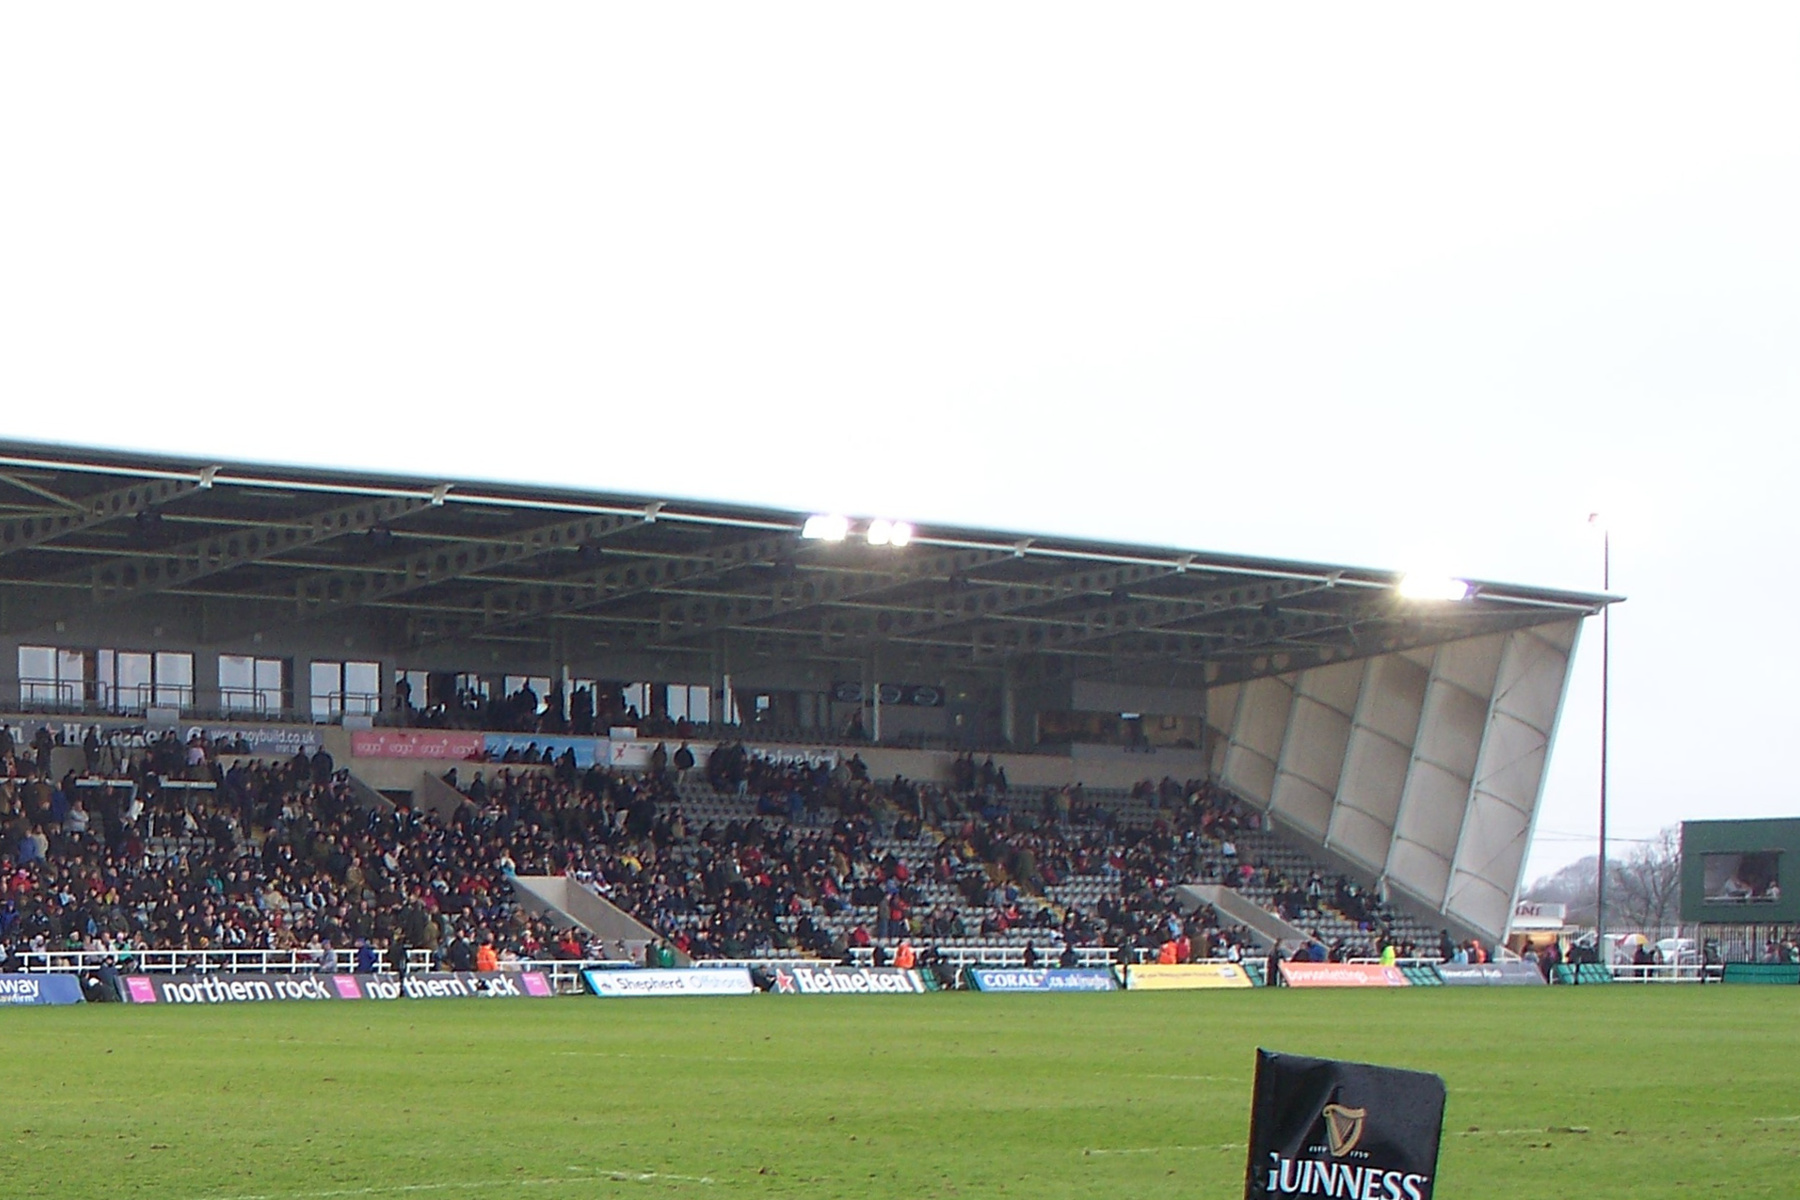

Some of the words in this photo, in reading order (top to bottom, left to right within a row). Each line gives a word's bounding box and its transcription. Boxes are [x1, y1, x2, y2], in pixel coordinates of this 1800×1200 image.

[162, 976, 274, 1003] northern
[274, 976, 331, 999] rock
[366, 975, 468, 999] northern
[616, 977, 685, 990] Shepherd
[793, 968, 914, 993] Heineken
[983, 974, 1039, 987] CORAL
——————
▸ THE TASK
Quote the data above in full and without alteration; skip the pictures.

▸ RESPONSE TO THIS EXERCISE
Some of the words in this photo, in reading order (top to bottom, left to right within a row). Each line gives a word's bounding box and its transcription. Boxes are [x1, y1, x2, y2], in pixel coordinates of this 1800×1200 image.

[162, 976, 274, 1003] northern
[274, 976, 331, 999] rock
[366, 975, 468, 999] northern
[616, 977, 685, 990] Shepherd
[793, 968, 914, 993] Heineken
[983, 974, 1039, 987] CORAL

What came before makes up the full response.